<<<<
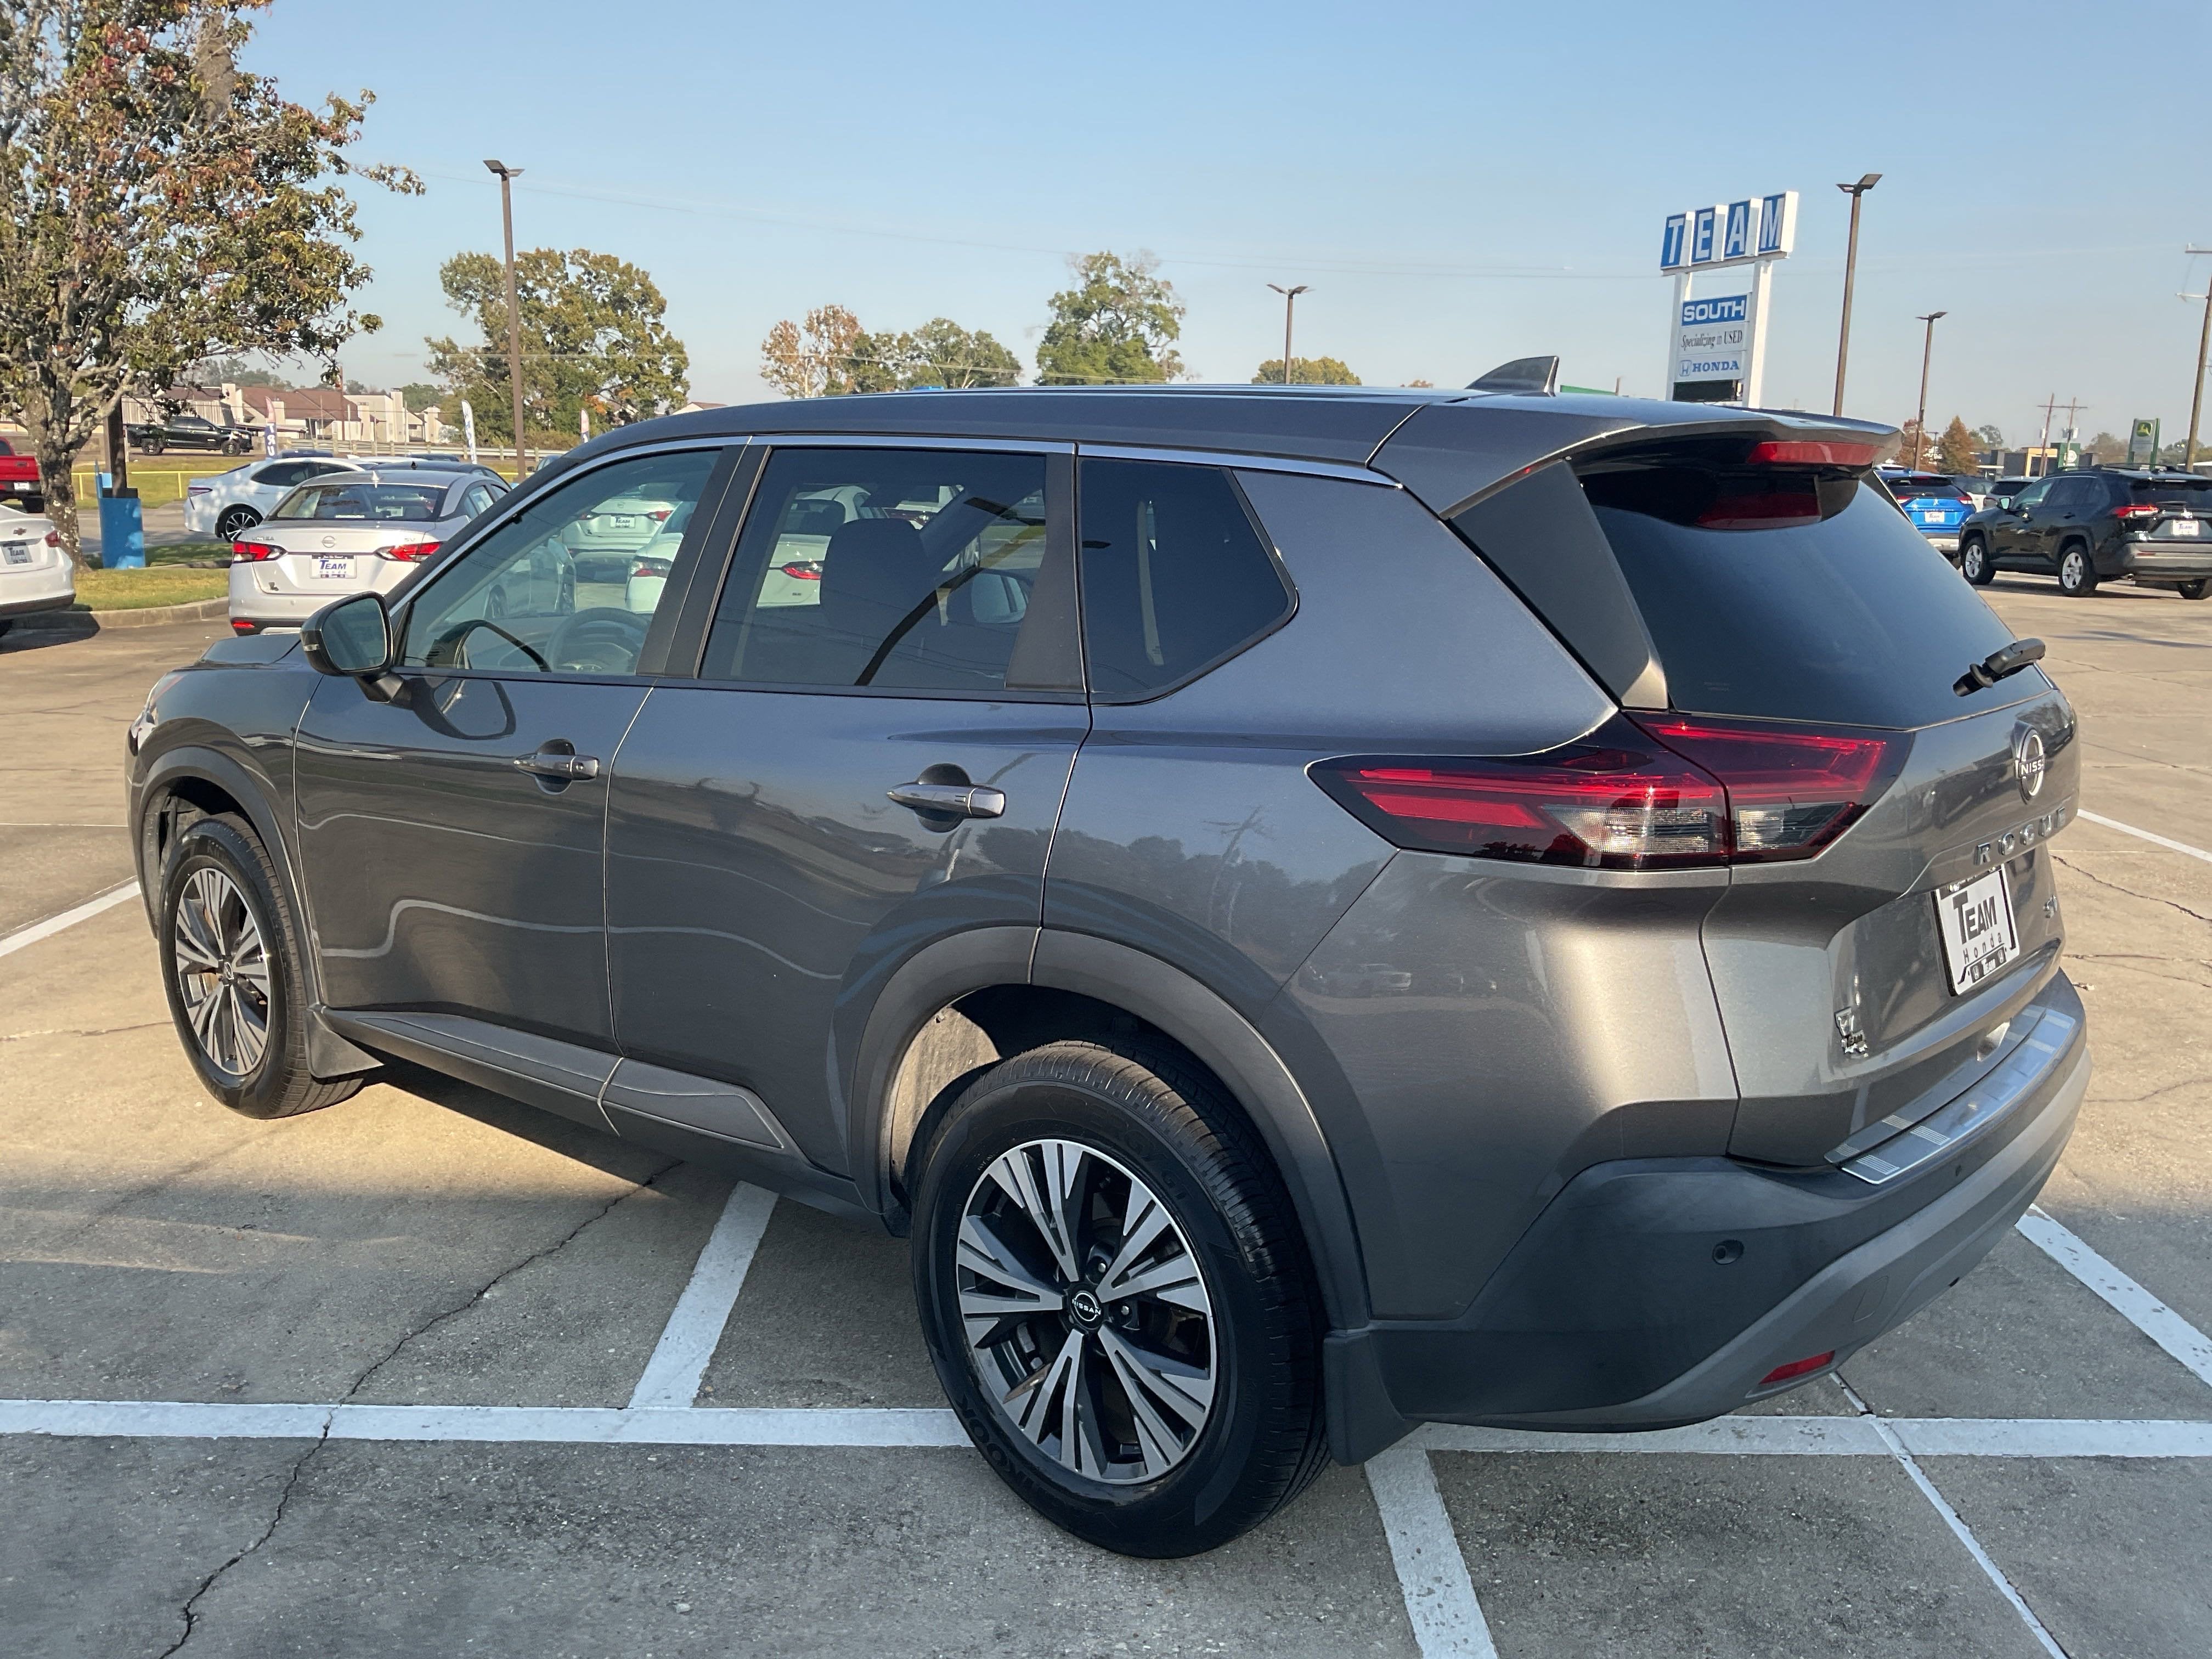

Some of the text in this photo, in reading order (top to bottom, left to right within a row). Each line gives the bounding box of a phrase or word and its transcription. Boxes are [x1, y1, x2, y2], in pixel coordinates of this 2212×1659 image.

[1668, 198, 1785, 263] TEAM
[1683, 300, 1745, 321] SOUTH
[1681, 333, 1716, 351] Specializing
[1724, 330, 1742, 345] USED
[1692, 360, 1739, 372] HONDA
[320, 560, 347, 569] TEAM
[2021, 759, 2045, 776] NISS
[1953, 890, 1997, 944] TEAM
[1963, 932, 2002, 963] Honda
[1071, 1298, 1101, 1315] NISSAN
>>>>
▸ **What is required**: Since the copy must contain no pictures, return only the text of the records, exactly as it stands.

▸ **Reply to the exercise**:
Some of the text in this photo, in reading order (top to bottom, left to right within a row). Each line gives the bounding box of a phrase or word and its transcription. Boxes are [x1, y1, x2, y2], in pixel coordinates of this 2212×1659 image.

[1668, 198, 1785, 263] TEAM
[1683, 300, 1745, 321] SOUTH
[1681, 333, 1716, 351] Specializing
[1724, 330, 1742, 345] USED
[1692, 360, 1739, 372] HONDA
[320, 560, 347, 569] TEAM
[2021, 759, 2045, 776] NISS
[1953, 890, 1997, 944] TEAM
[1963, 932, 2002, 963] Honda
[1071, 1298, 1101, 1315] NISSAN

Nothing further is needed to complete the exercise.